Me gustaba mucho la sección final del libro, que incluía varios textos autobiográficos, anticipación de las Memorias y los diarios, Descanso de caminantes y el colosal Borges. El primero, por cierto, es otro de mis libros favoritos de Bioy y uno de los predilectos de mis insomnios (no sé otros lectores, pero a mí, a altas horas de la noche, más que novelas o ensayos, me gusta ponerme a leer libros de brevedades: diarios, dietarios y cuadernos de notas, en los que una lectura corta y desordenada siempre depara algo memorable). El libro, publicado póstumamente en 2001, reveló un Bioy al que el caballero de la cortesía intachable no había permitido asomarse del todo: más irónico, cáustico, mordaz, a veces cruel, sin perder nunca el sentido del humor. No faltó quien se decepcionara; a mí me cayó todavía mejor, si cabe. Encontré, en las páginas de Descanso de caminantes (feliz título, por cierto, pues es precisamente eso, un solaz en el camino de la vida), un Bioy más humano y entrañable.

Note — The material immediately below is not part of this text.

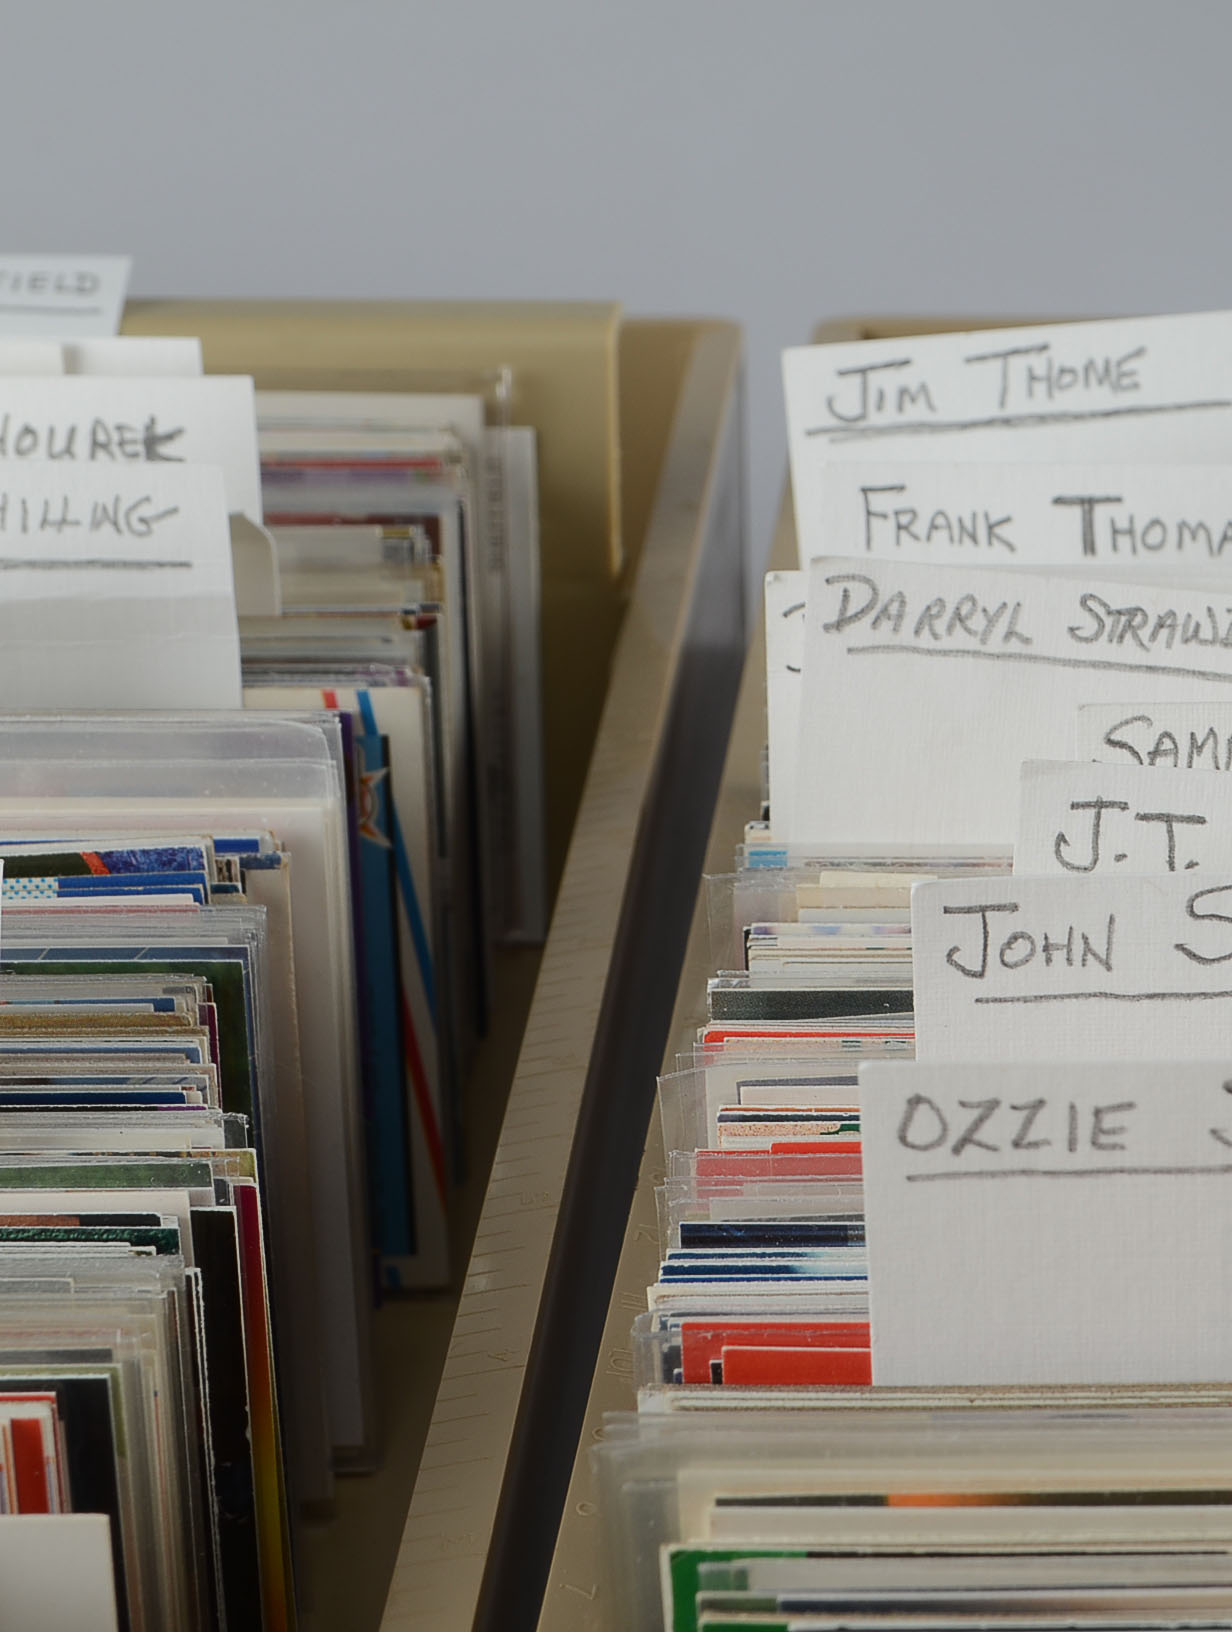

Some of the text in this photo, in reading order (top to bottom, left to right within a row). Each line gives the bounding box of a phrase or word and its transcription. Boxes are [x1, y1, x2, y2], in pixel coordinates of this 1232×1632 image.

No quiero concluir este capítulo sin recordar cómo dejé de conocer a Bioy en la única oportunidad que tuve de hacerlo. Bioy vino México a principios de los noventa y, durante esa visita, fue a Xalapa a dar una charla. Está aún pegado el cartel del evento en el closet de mi vieja habitación en la casa de mis padres. Es negro y tiene el “Dragón” de M. C. Escher, mordiéndose la cola como el uroboros, en el centro. Abajo, una leyenda: “Bioy Casares por Adolfo Bioy Casares”, y los datos de la conferencia. La cuestión es que la visita ocurrió unas semanas antes de que yo leyera por primera vez La invención de Morel. No me molesté en asistir, creo que ni me enteré. Apenas un par de semanas después, cuando yo estaba fascinado con La invención, alguien me dijo: “¿Bioy? Estuvo aquí hace unos días. ¿No supiste?”. Me quise matar. Solo alcancé a conseguir el cartel.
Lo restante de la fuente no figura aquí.